HOW TO COMPLETE THIS TASK:
The reply should hold only the lines below beginning at the one with "this 1600×1200 image." and ending at the one with "this 1600×900 image.", copied exactly, with every picture left out.

THE RECORDS:
┄┄┄┄┄┄┄┄┄┄
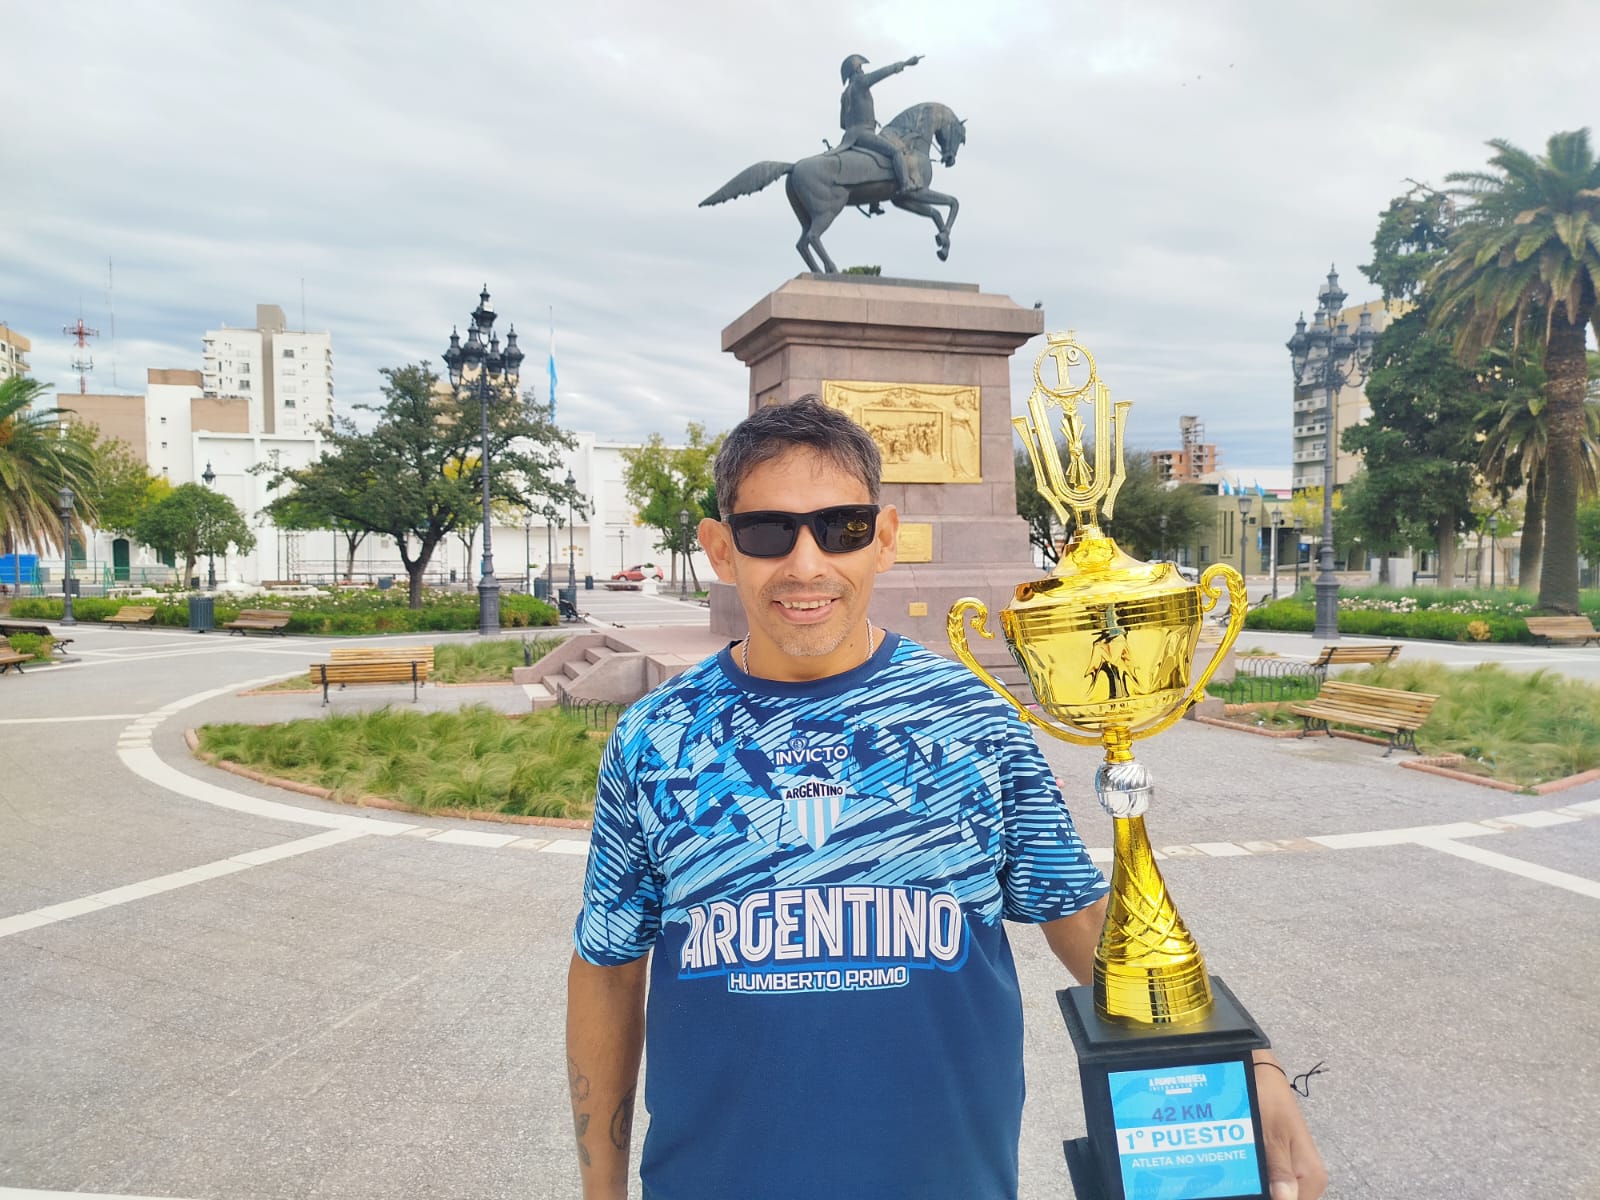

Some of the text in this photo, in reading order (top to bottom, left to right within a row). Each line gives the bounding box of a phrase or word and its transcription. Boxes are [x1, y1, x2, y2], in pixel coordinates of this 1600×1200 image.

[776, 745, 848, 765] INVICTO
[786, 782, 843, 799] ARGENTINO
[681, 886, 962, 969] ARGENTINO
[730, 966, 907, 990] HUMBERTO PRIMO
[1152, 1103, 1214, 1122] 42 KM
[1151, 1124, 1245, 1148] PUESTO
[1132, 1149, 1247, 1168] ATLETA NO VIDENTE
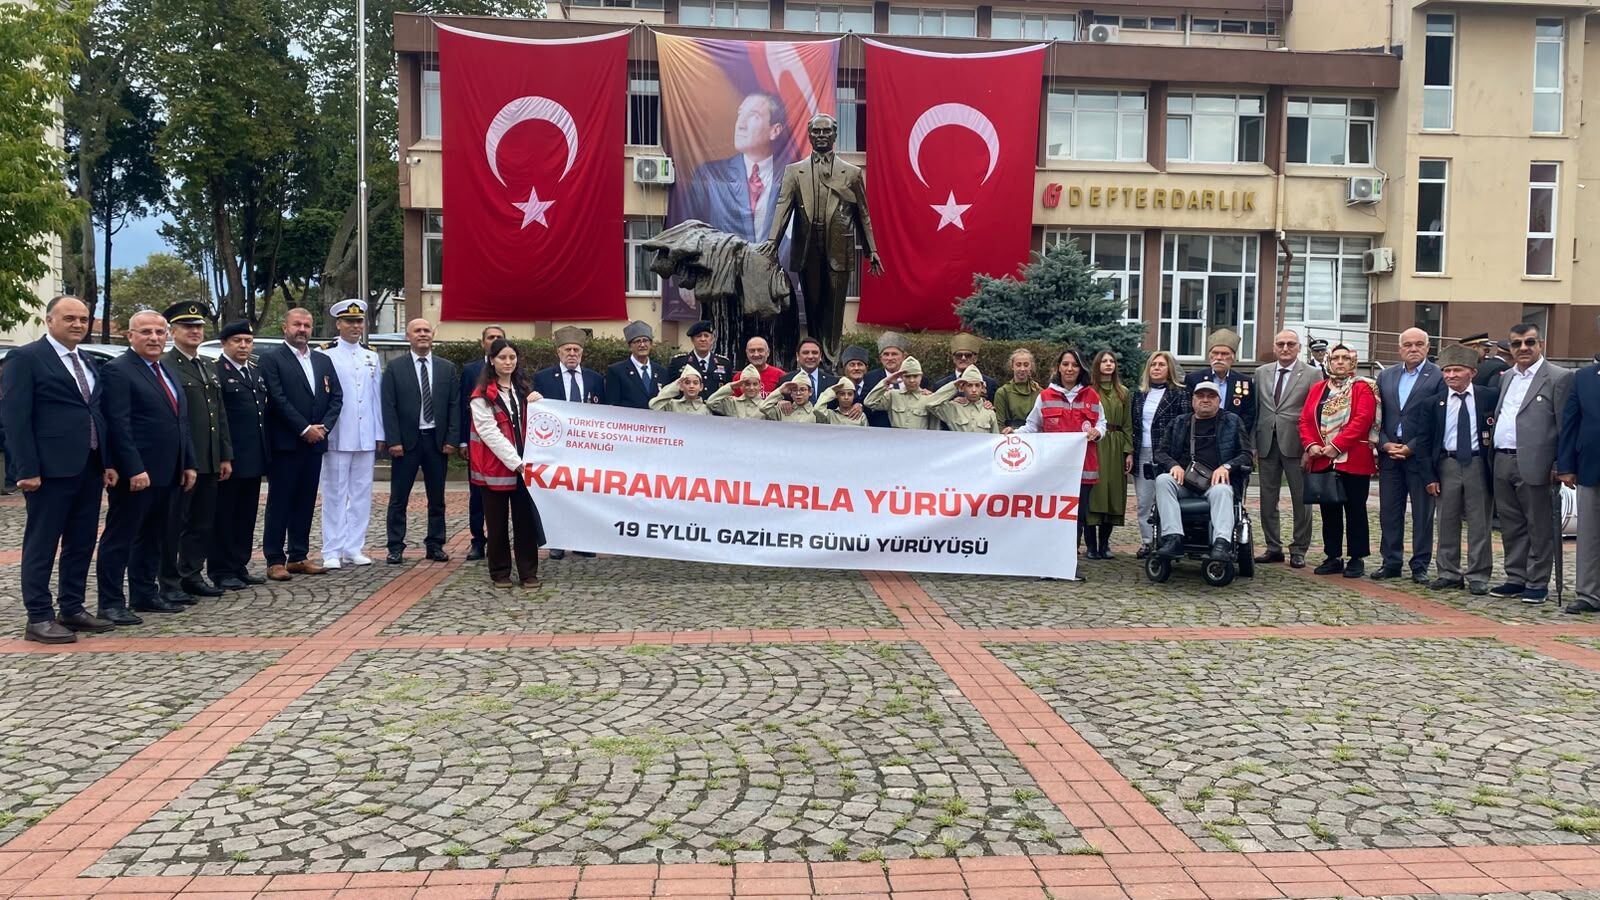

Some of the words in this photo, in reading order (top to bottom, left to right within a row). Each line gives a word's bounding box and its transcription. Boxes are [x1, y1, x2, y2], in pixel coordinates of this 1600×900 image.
┄┄┄┄┄┄┄┄┄┄
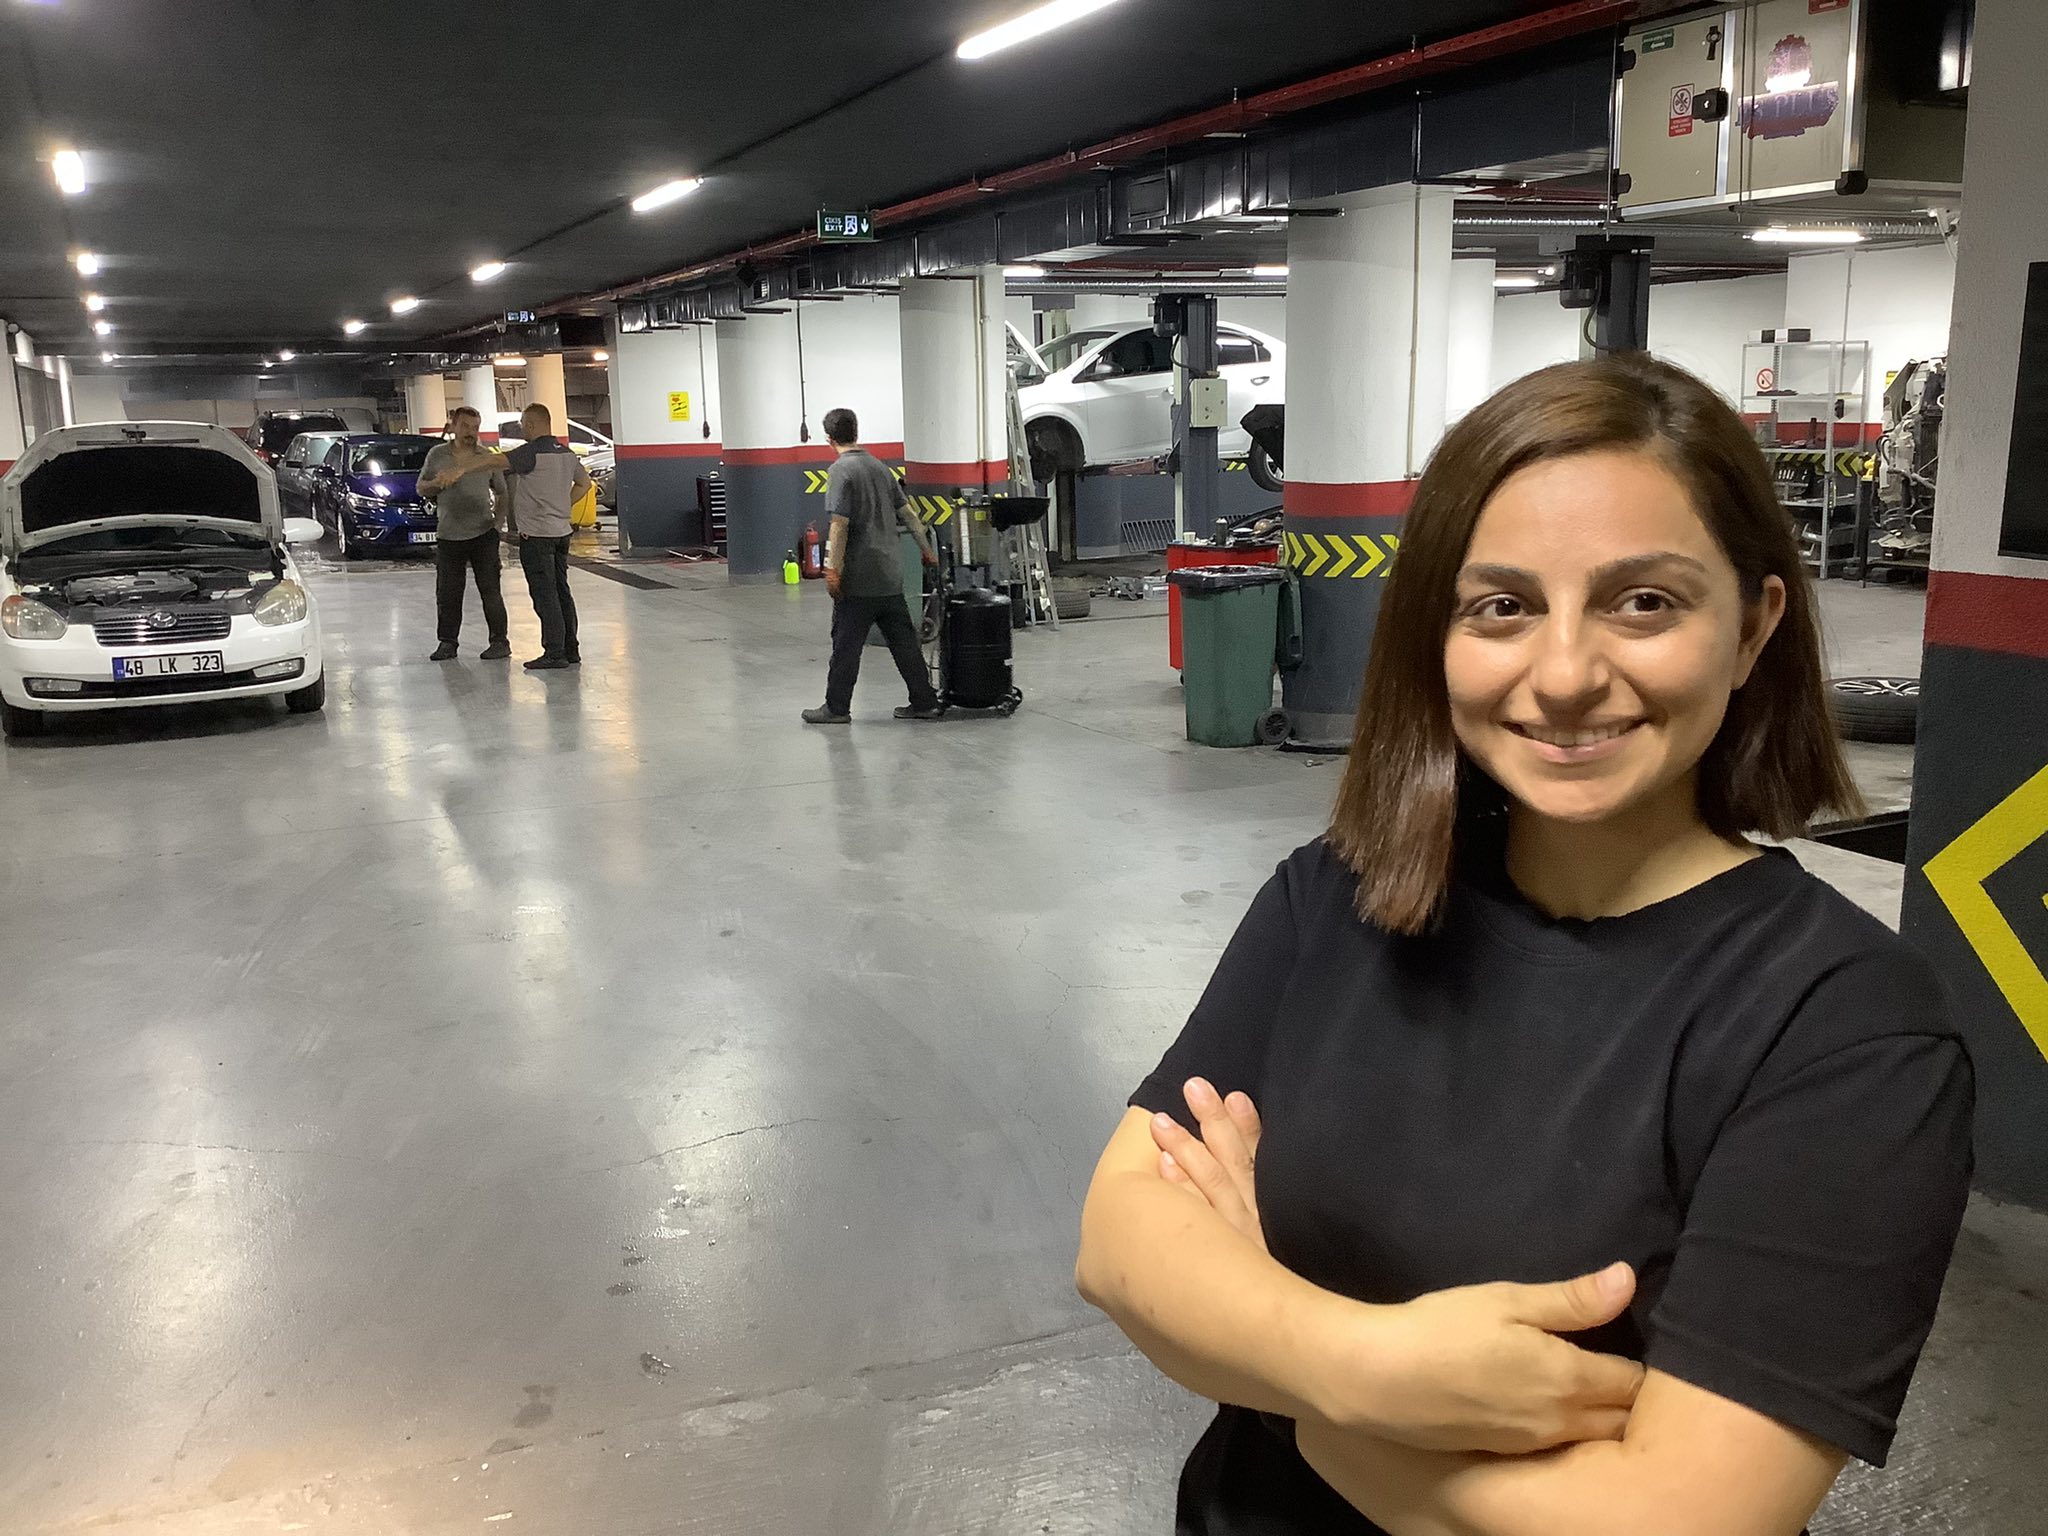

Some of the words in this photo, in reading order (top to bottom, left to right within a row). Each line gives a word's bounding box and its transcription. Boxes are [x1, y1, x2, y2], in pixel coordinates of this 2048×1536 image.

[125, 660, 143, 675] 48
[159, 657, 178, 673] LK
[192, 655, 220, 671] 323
┄┄┄┄┄┄┄┄┄┄
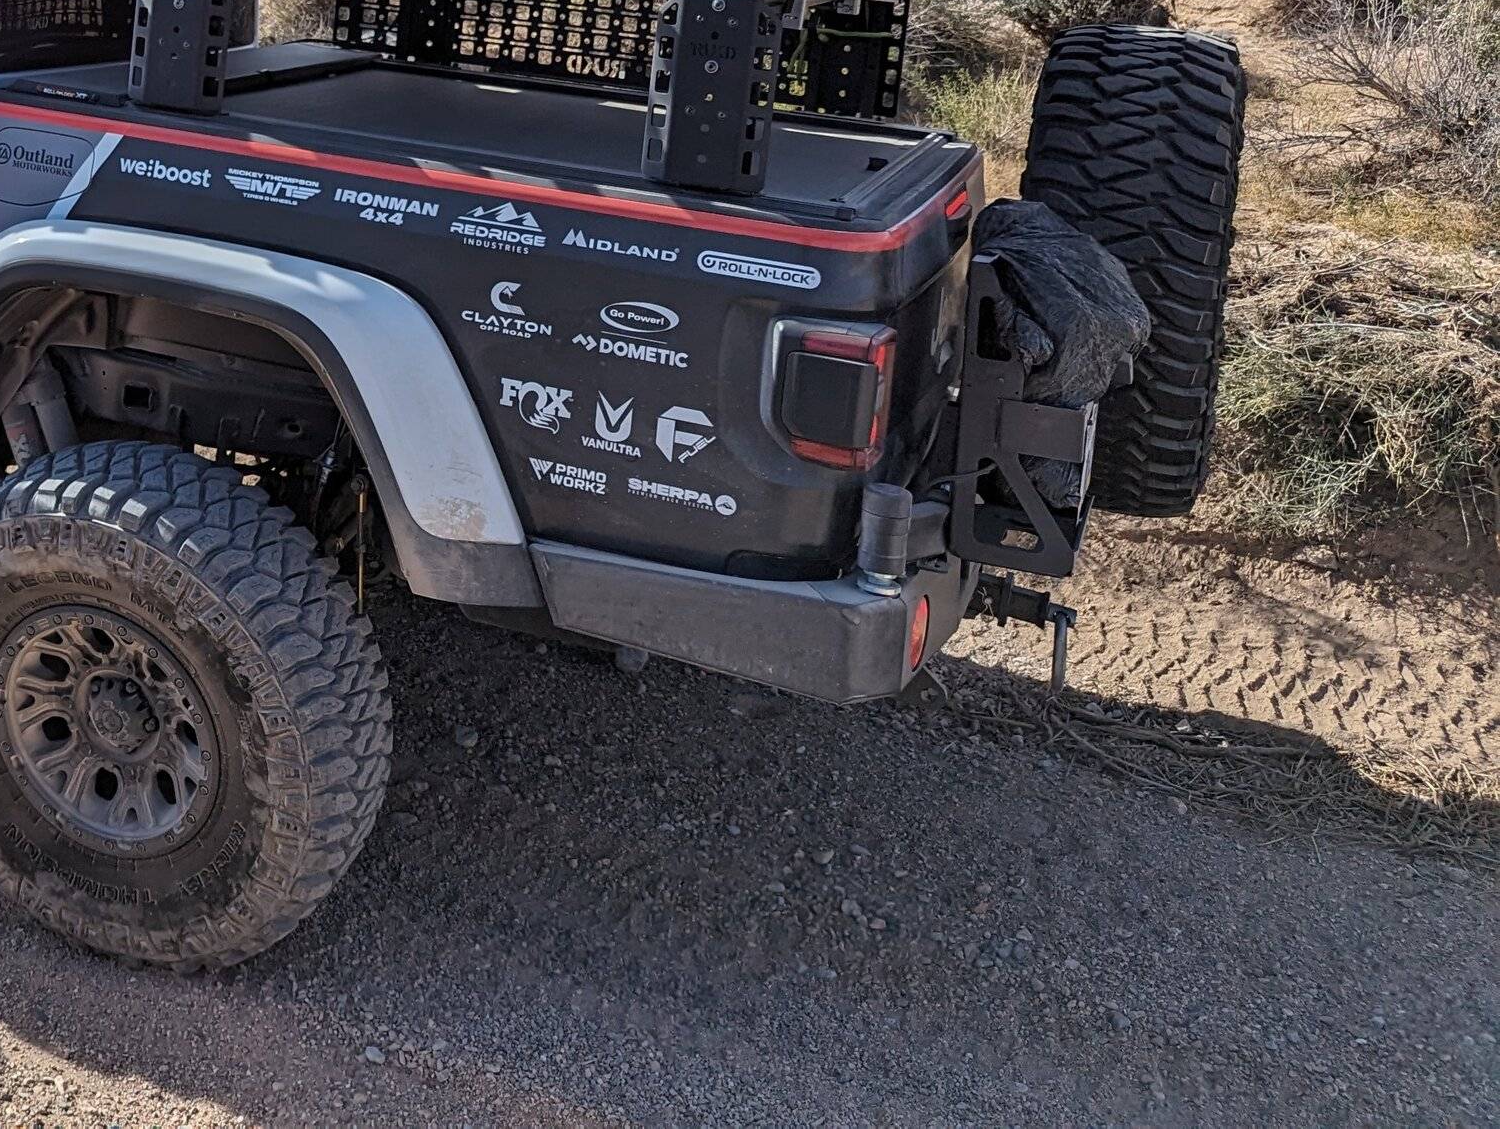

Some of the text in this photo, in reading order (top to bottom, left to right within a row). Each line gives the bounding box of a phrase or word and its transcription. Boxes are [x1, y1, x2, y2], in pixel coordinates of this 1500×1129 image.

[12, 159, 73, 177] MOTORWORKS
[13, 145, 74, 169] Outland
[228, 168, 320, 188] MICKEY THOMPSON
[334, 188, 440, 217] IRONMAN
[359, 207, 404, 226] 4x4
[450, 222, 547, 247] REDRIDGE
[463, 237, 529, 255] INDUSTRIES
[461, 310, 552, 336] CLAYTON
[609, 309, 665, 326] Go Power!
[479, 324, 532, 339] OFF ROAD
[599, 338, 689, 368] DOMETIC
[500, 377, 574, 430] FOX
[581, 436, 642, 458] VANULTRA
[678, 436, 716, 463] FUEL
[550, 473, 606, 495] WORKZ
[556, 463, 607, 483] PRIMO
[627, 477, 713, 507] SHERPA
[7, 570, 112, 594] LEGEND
┄┄┄┄┄┄┄┄┄┄
EXERCISE ANSWER:
Some of the text in this photo, in reading order (top to bottom, left to right within a row). Each line gives the bounding box of a phrase or word and its transcription. Boxes are [x1, y1, x2, y2], in pixel coordinates of this 1600×1200 image.

[776, 745, 848, 765] INVICTO
[786, 782, 843, 799] ARGENTINO
[681, 886, 962, 969] ARGENTINO
[730, 966, 907, 990] HUMBERTO PRIMO
[1152, 1103, 1214, 1122] 42 KM
[1151, 1124, 1245, 1148] PUESTO
[1132, 1149, 1247, 1168] ATLETA NO VIDENTE

Some of the words in this photo, in reading order (top to bottom, left to right within a row). Each line gives a word's bounding box and its transcription. Boxes are [x1, y1, x2, y2], in pixel coordinates of this 1600×900 image.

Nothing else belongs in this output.